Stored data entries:
★ ★ ★ ★ ★ ★ ★

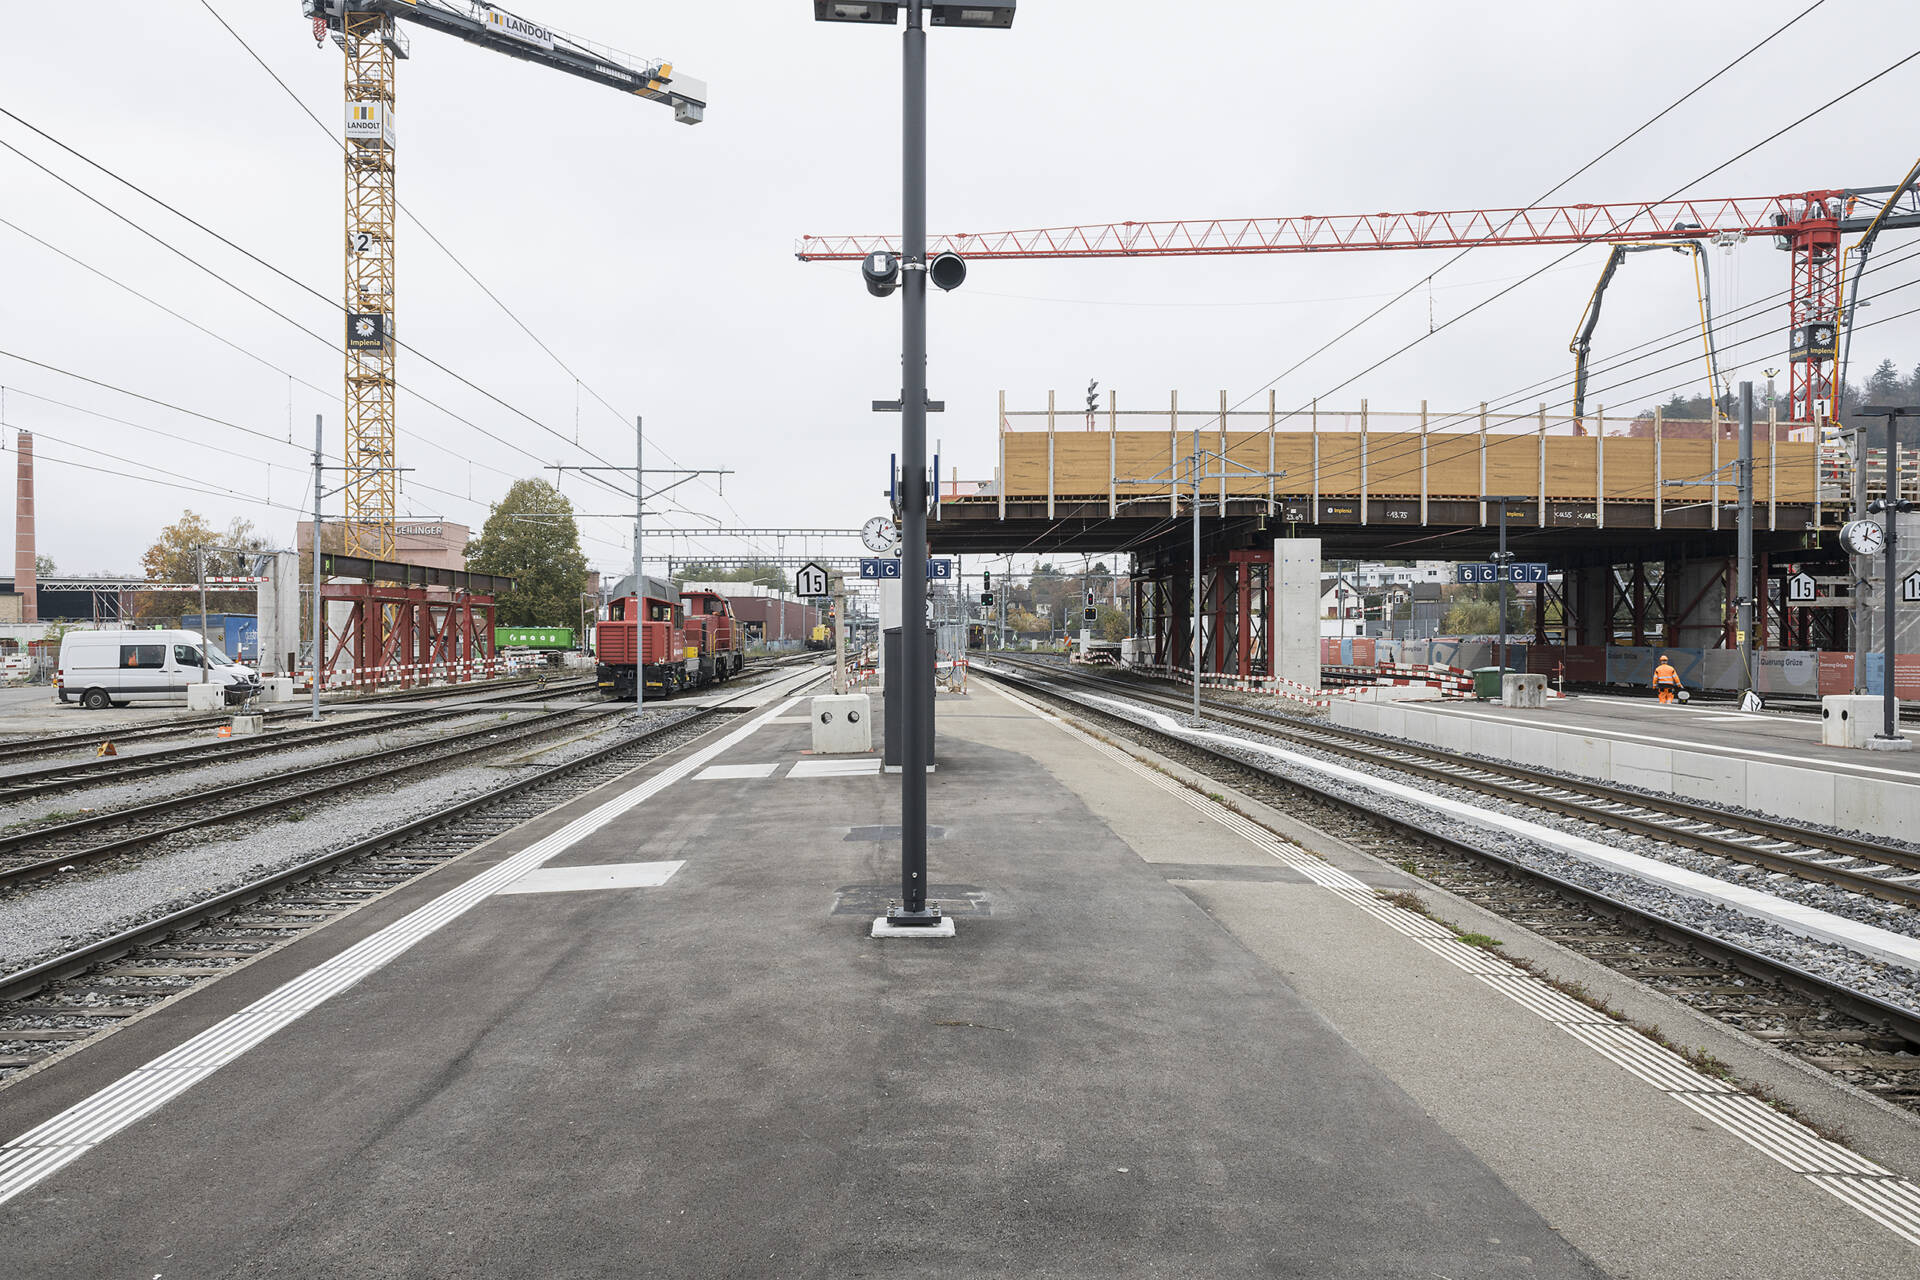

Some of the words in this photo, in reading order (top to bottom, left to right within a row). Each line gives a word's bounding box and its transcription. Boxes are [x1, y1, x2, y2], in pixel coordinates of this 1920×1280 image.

[506, 17, 553, 42] LANDOLT
[357, 234, 369, 251] 2
[350, 339, 381, 347] Implenia
[1797, 403, 1802, 417] 1
[1817, 401, 1824, 415] 1
[866, 565, 874, 575] 4
[886, 565, 894, 575] C
[937, 565, 945, 576] 5
[1464, 569, 1472, 580] 6
[1483, 569, 1492, 580] C
[1514, 569, 1523, 580] C
[1534, 569, 1542, 580] 7
[803, 571, 822, 593] 15
[1794, 578, 1811, 598] 15
[1761, 658, 1784, 667] Querung
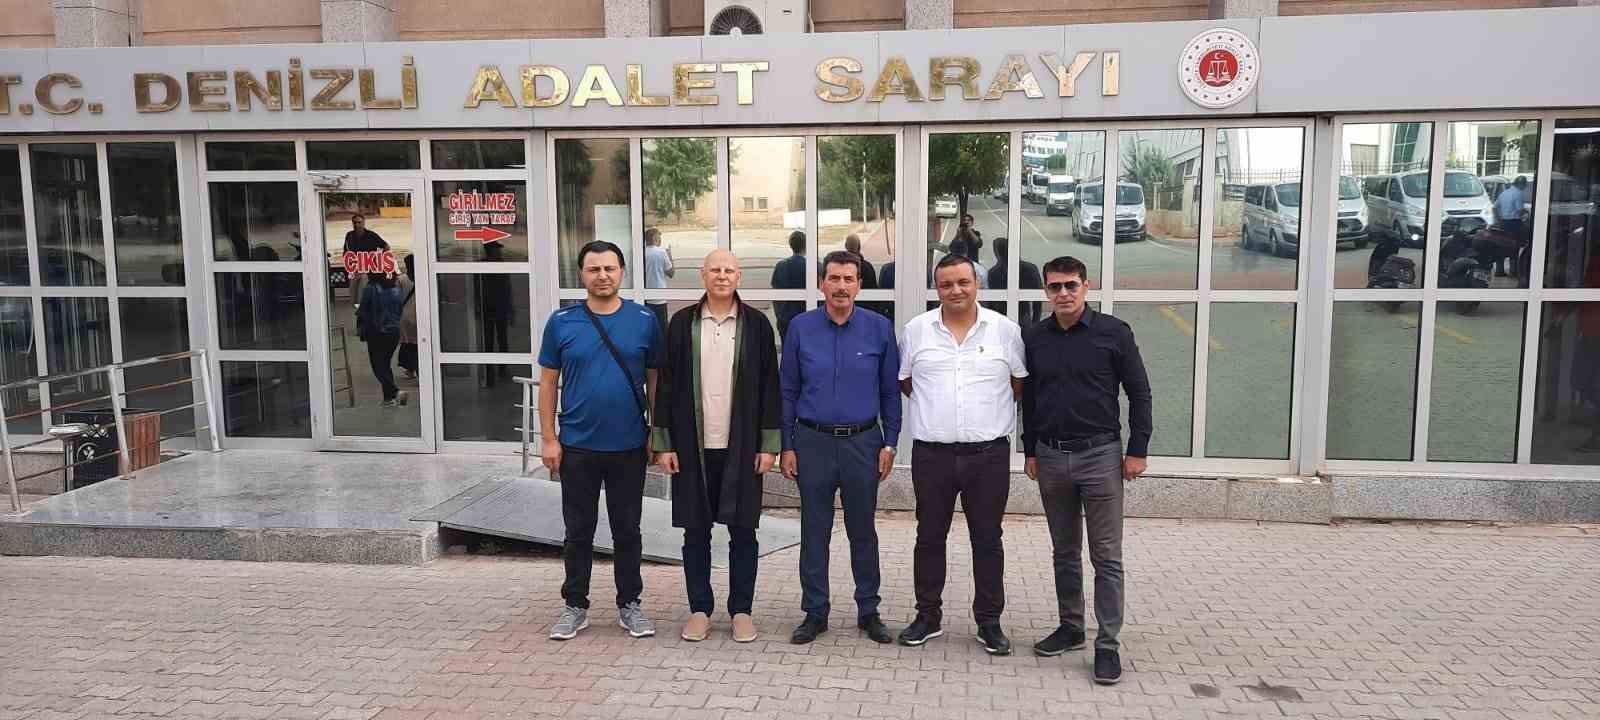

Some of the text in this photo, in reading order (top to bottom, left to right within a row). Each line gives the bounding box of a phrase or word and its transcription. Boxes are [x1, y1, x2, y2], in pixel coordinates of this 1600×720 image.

[0, 50, 1121, 115] T.C. DENİZLİ ADALET SARAYI
[449, 189, 516, 211] GİRİLMEZ
[449, 211, 516, 227] GİRİŞ YAN TARAF
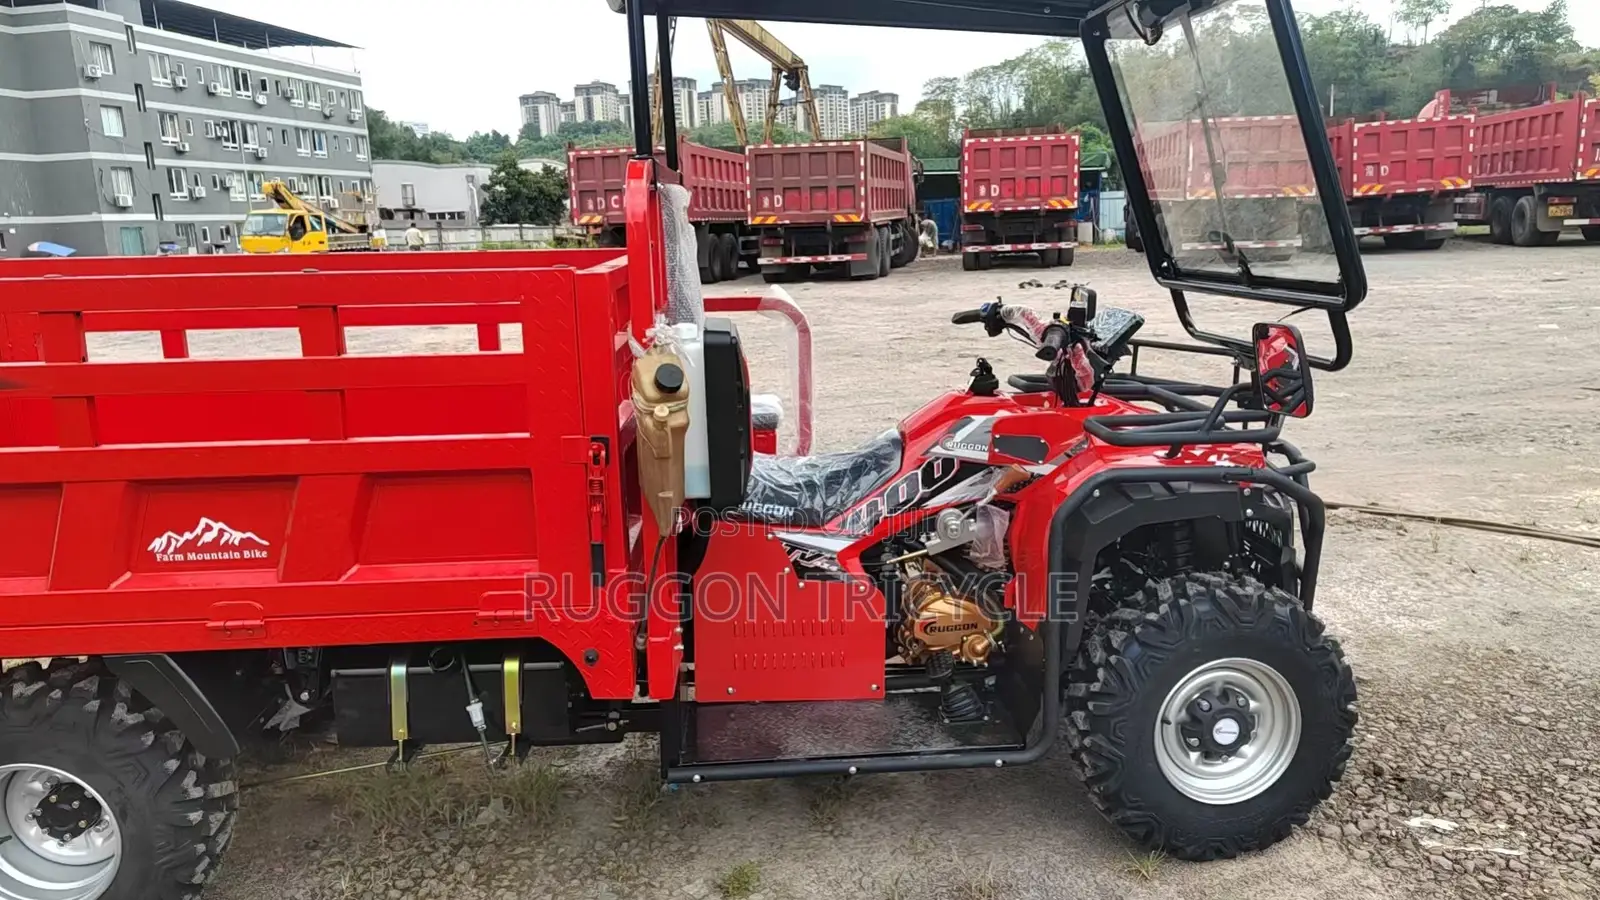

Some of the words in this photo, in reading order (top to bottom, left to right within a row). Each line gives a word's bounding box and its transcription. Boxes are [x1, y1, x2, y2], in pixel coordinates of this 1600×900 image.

[738, 501, 795, 517] UGGON
[156, 553, 184, 562] Farm
[187, 550, 241, 561] Mountain
[243, 548, 268, 559] Bike
[928, 622, 979, 634] RUGGON
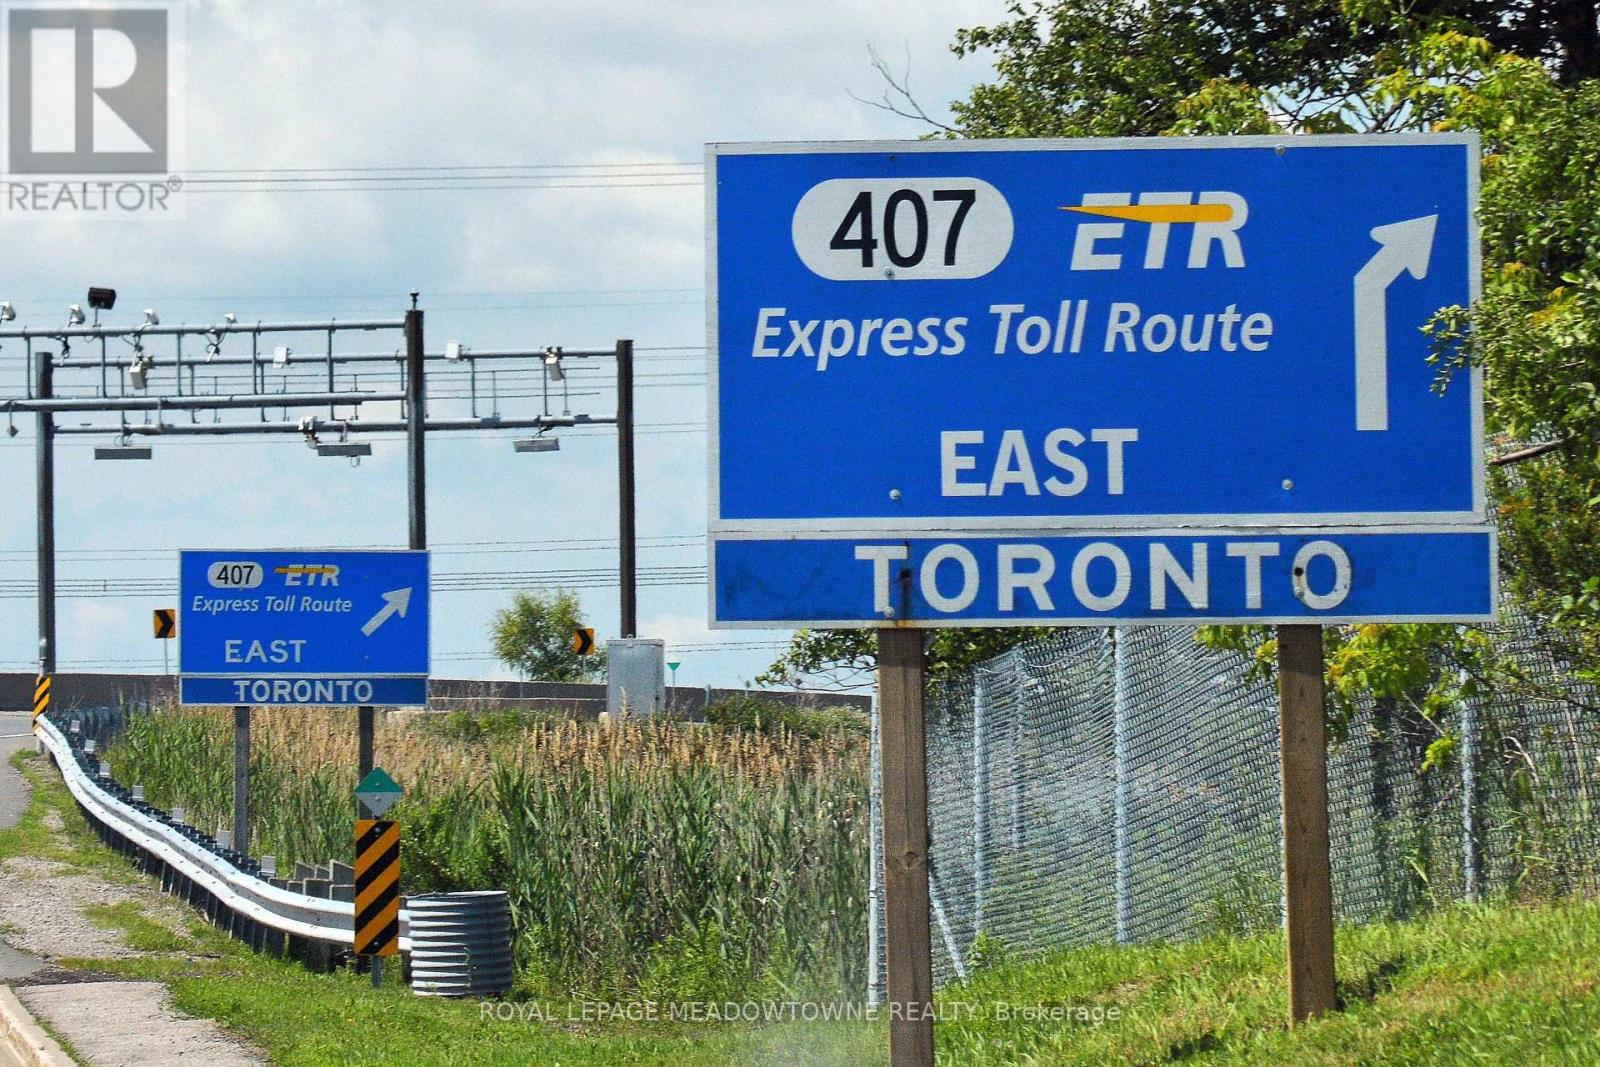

★ ★ ★ ★ ★ ★ ★

TASK OBJECTIVE
Word for word, give the entries back in full; the pictures do not belong in the copy.

OUTPUT OF THE EXERCISE
Some of the words in this photo, in reading order (top to bottom, left to right within a row). Each line gives a word's bounding box and its transcription. Boxes are [x1, y1, x2, y2], in pixel coordinates of this 1920×1280 image.

[506, 17, 553, 42] LANDOLT
[357, 234, 369, 251] 2
[350, 339, 381, 347] Implenia
[1797, 403, 1802, 417] 1
[1817, 401, 1824, 415] 1
[866, 565, 874, 575] 4
[886, 565, 894, 575] C
[937, 565, 945, 576] 5
[1464, 569, 1472, 580] 6
[1483, 569, 1492, 580] C
[1514, 569, 1523, 580] C
[1534, 569, 1542, 580] 7
[803, 571, 822, 593] 15
[1794, 578, 1811, 598] 15
[1761, 658, 1784, 667] Querung

Some of the text in this photo, in reading order (top to bottom, left to right within a row). Each line gives the bounding box of a phrase or word and its transcription. Boxes are [x1, y1, x2, y2], in pixel coordinates of this 1600×720 image.

[0, 50, 1121, 115] T.C. DENİZLİ ADALET SARAYI
[449, 189, 516, 211] GİRİLMEZ
[449, 211, 516, 227] GİRİŞ YAN TARAF

Some of the words in this photo, in reading order (top to bottom, left to right within a row). Each line gives a word's bounding box and its transcription. Boxes are [x1, y1, x2, y2], in pixel coordinates of this 1600×900 image.

[738, 501, 795, 517] UGGON
[156, 553, 184, 562] Farm
[187, 550, 241, 561] Mountain
[243, 548, 268, 559] Bike
[928, 622, 979, 634] RUGGON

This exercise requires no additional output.